Pictures do not belong in the copy; restate the records below word for word.

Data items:
========================================================================

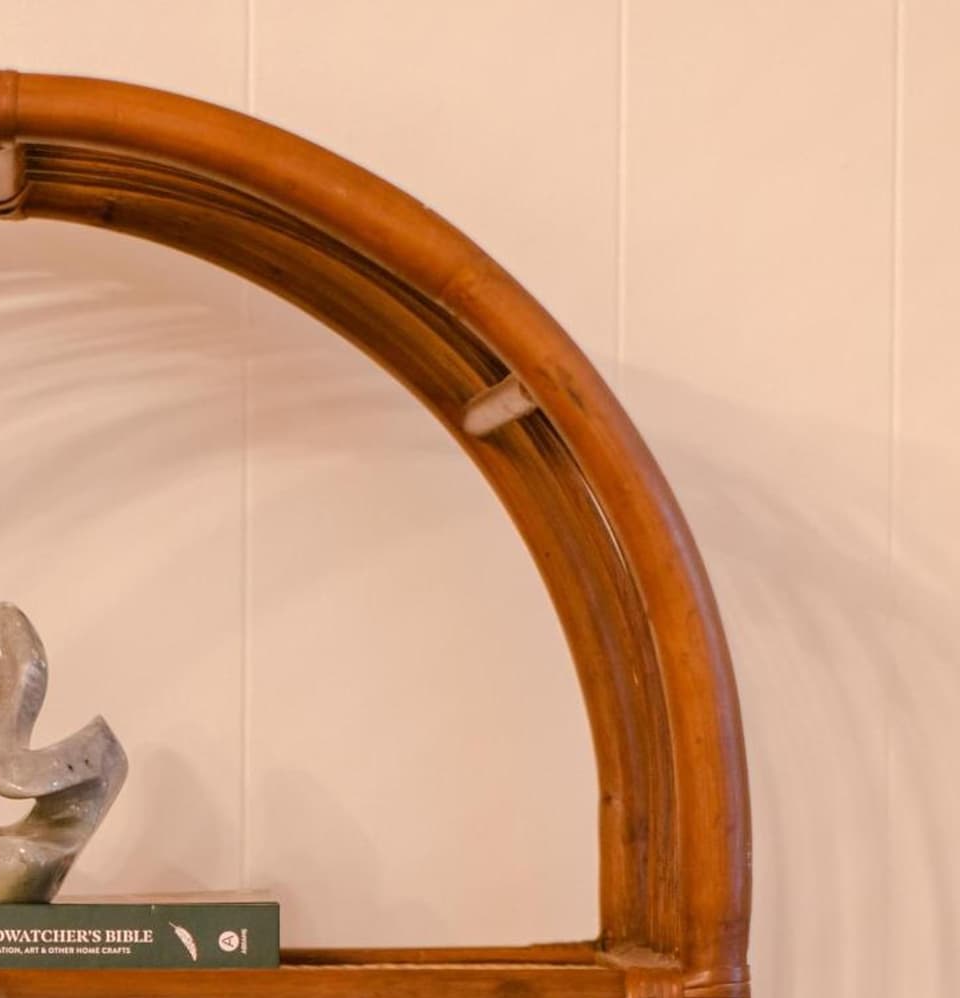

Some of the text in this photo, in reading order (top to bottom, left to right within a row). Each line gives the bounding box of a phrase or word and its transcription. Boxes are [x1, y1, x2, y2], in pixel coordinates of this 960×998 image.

[106, 930, 154, 943] BIBLE
[220, 933, 237, 950] A
[24, 946, 39, 954] ART
[41, 946, 47, 954] &
[48, 946, 75, 954] OTHER
[76, 946, 101, 954] HOME
[102, 946, 131, 954] CRAFTS
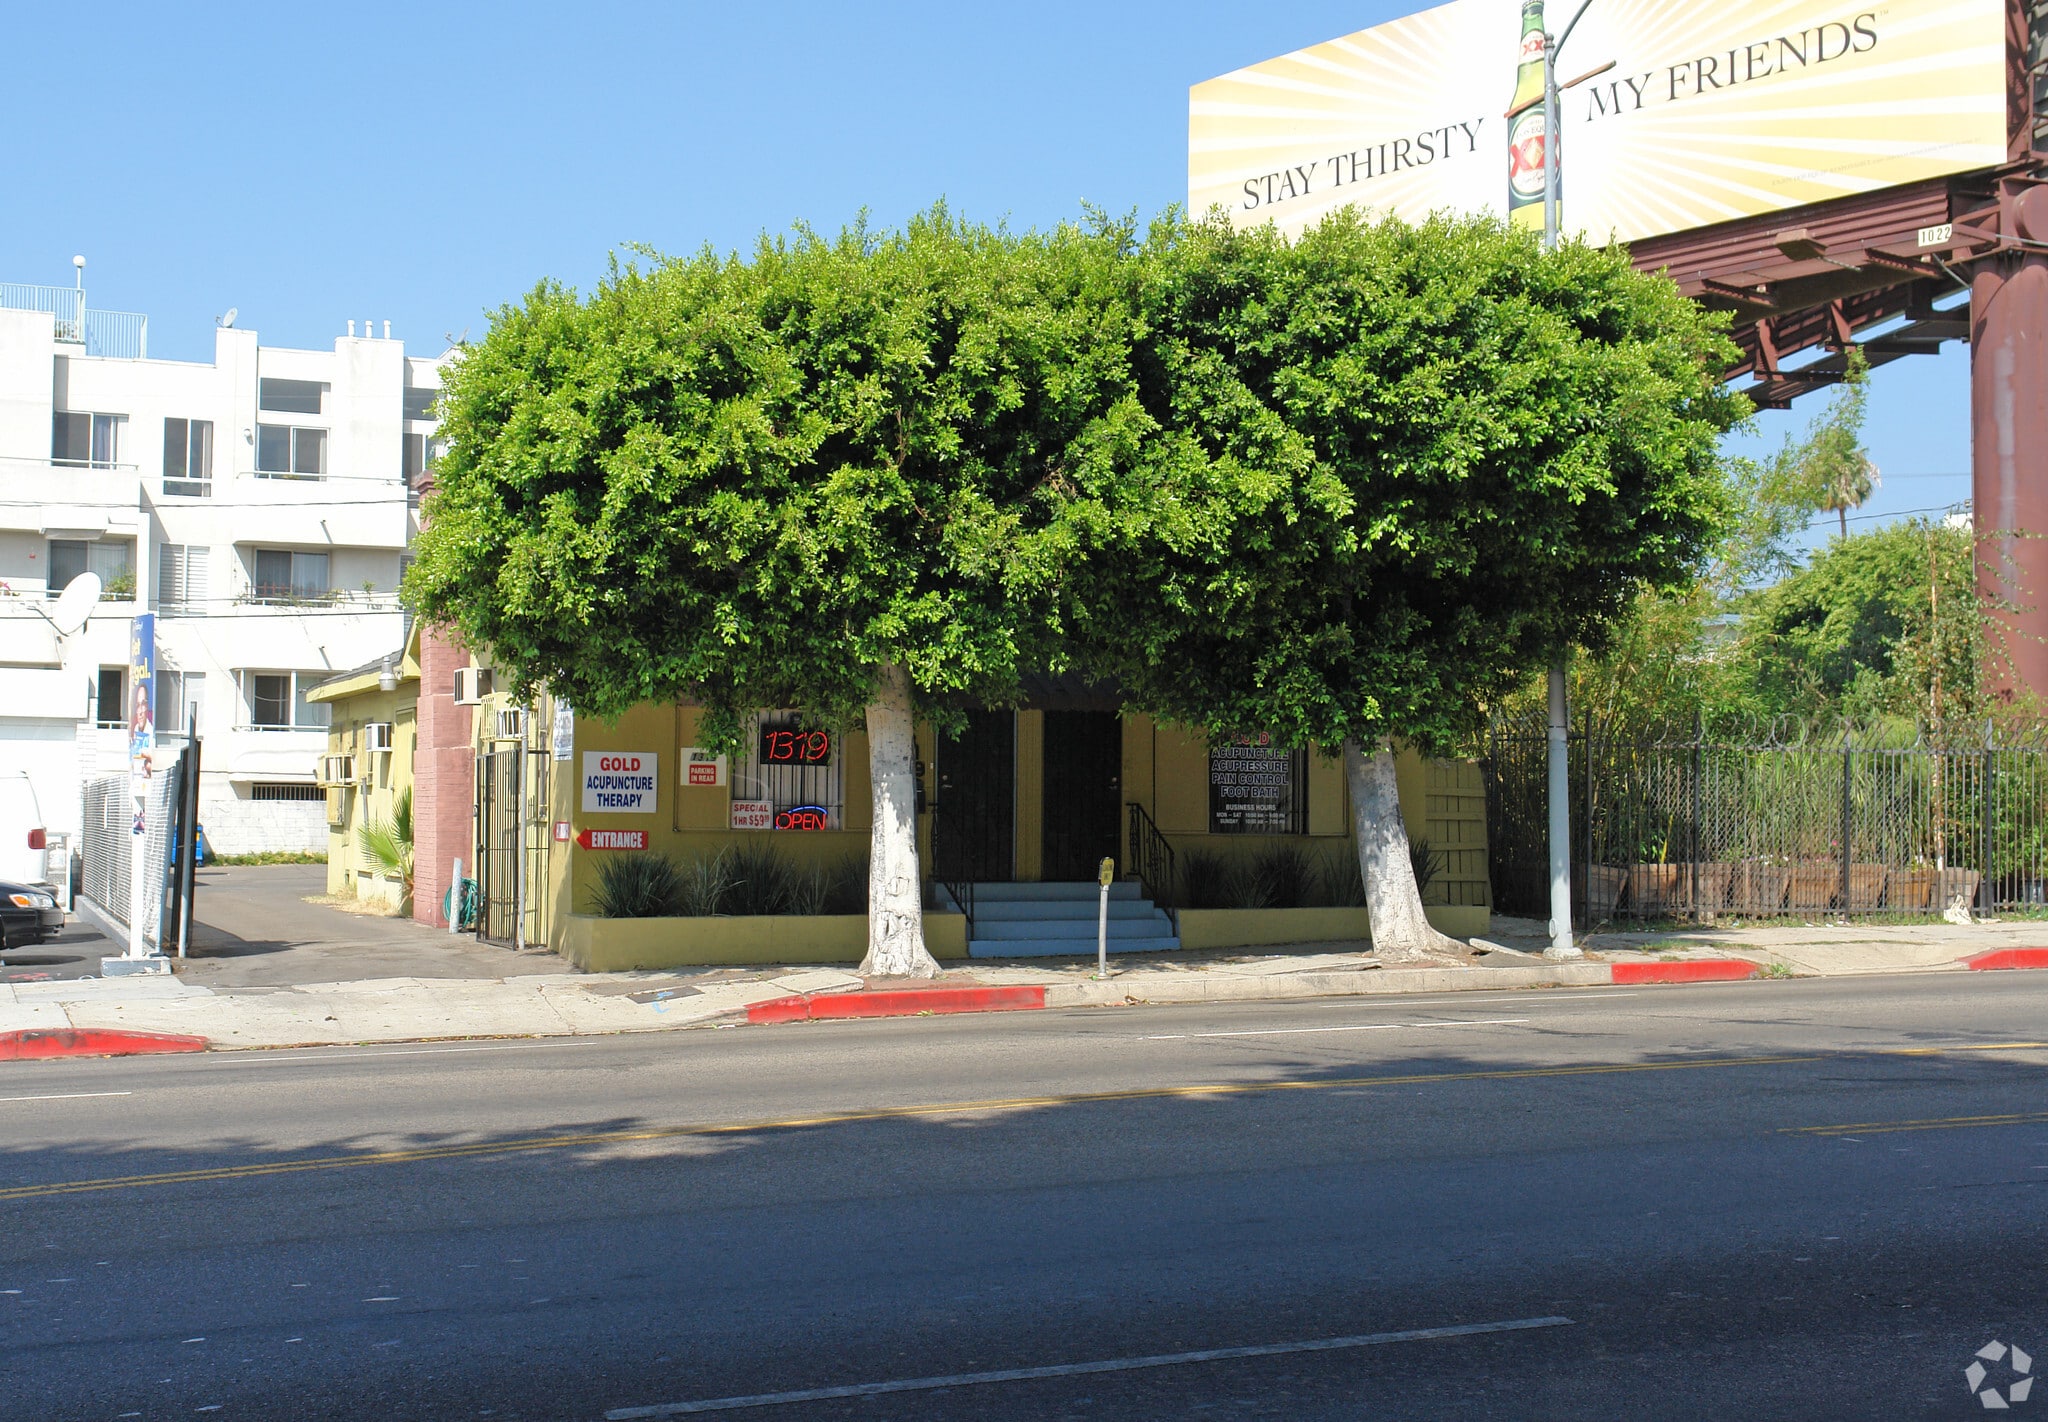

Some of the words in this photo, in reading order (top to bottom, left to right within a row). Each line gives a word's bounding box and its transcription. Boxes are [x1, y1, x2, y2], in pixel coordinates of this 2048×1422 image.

========================================================================

(Task result)
Some of the text in this photo, in reading order (top to bottom, left to right within a row). Each line gives the bounding box of a phrase or word and its transcription. Boxes are [x1, y1, x2, y2], in pixel coordinates of this 960×998 image.

[106, 930, 154, 943] BIBLE
[220, 933, 237, 950] A
[24, 946, 39, 954] ART
[41, 946, 47, 954] &
[48, 946, 75, 954] OTHER
[76, 946, 101, 954] HOME
[102, 946, 131, 954] CRAFTS

Some of the words in this photo, in reading order (top to bottom, left to right within a row). Each line gives a word's bounding box and its transcription. Boxes are [x1, y1, x2, y2], in pixel coordinates of this 2048×1422 image.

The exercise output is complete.